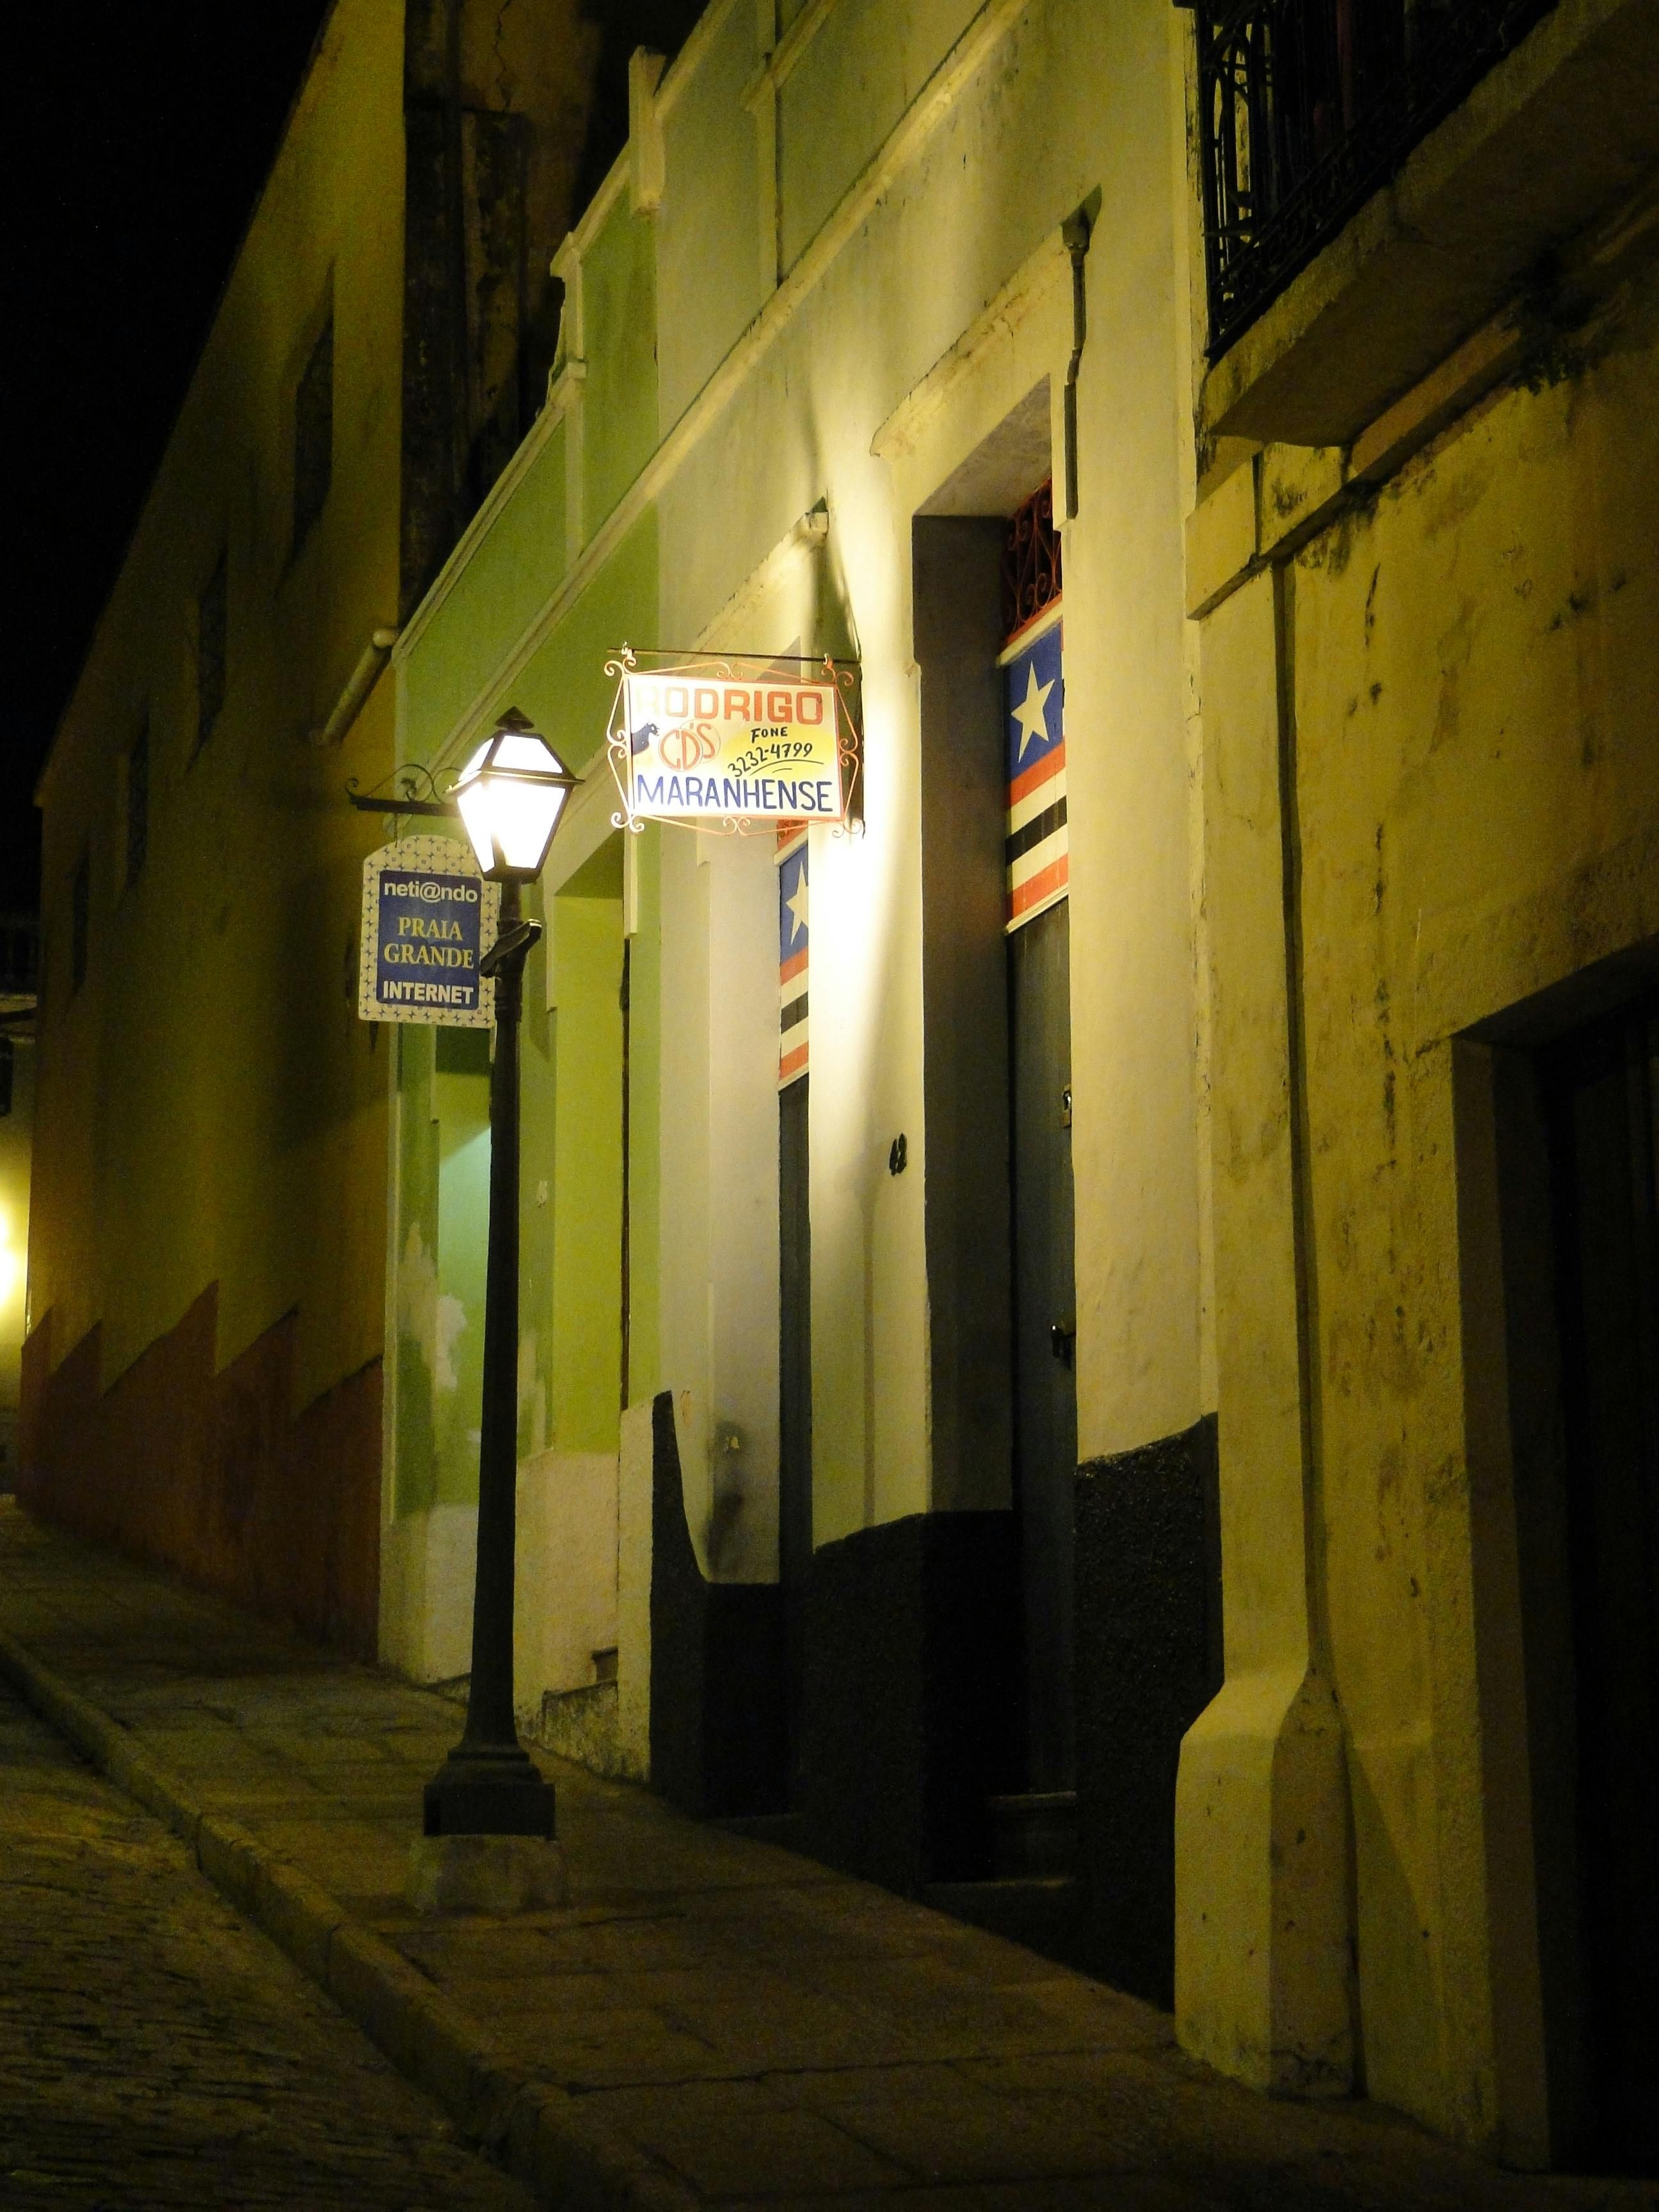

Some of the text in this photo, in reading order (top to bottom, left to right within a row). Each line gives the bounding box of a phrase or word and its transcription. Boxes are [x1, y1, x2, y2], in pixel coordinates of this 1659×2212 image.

[636, 685, 823, 725] RODRIGO
[751, 726, 788, 743] FONE
[728, 742, 813, 777] 3232-4799
[637, 774, 833, 812] MARANHENSE
[384, 881, 478, 903] neti@ndo
[397, 917, 463, 941] PRAIA
[384, 943, 474, 969] GRANDE
[383, 981, 474, 1004] INTERNET

§ **WHAT NEEDS TO BE DONE**: Although the entries contain pictures, reproduce only the rest, exactly as written.

§ **SOLUTION BELOW**:
Some of the text in this photo, in reading order (top to bottom, left to right within a row). Each line gives the bounding box of a phrase or word and its transcription. Boxes are [x1, y1, x2, y2], in pixel coordinates of this 1659×2212 image.

[636, 685, 823, 725] RODRIGO
[751, 726, 788, 743] FONE
[728, 742, 813, 777] 3232-4799
[637, 774, 833, 812] MARANHENSE
[384, 881, 478, 903] neti@ndo
[397, 917, 463, 941] PRAIA
[384, 943, 474, 969] GRANDE
[383, 981, 474, 1004] INTERNET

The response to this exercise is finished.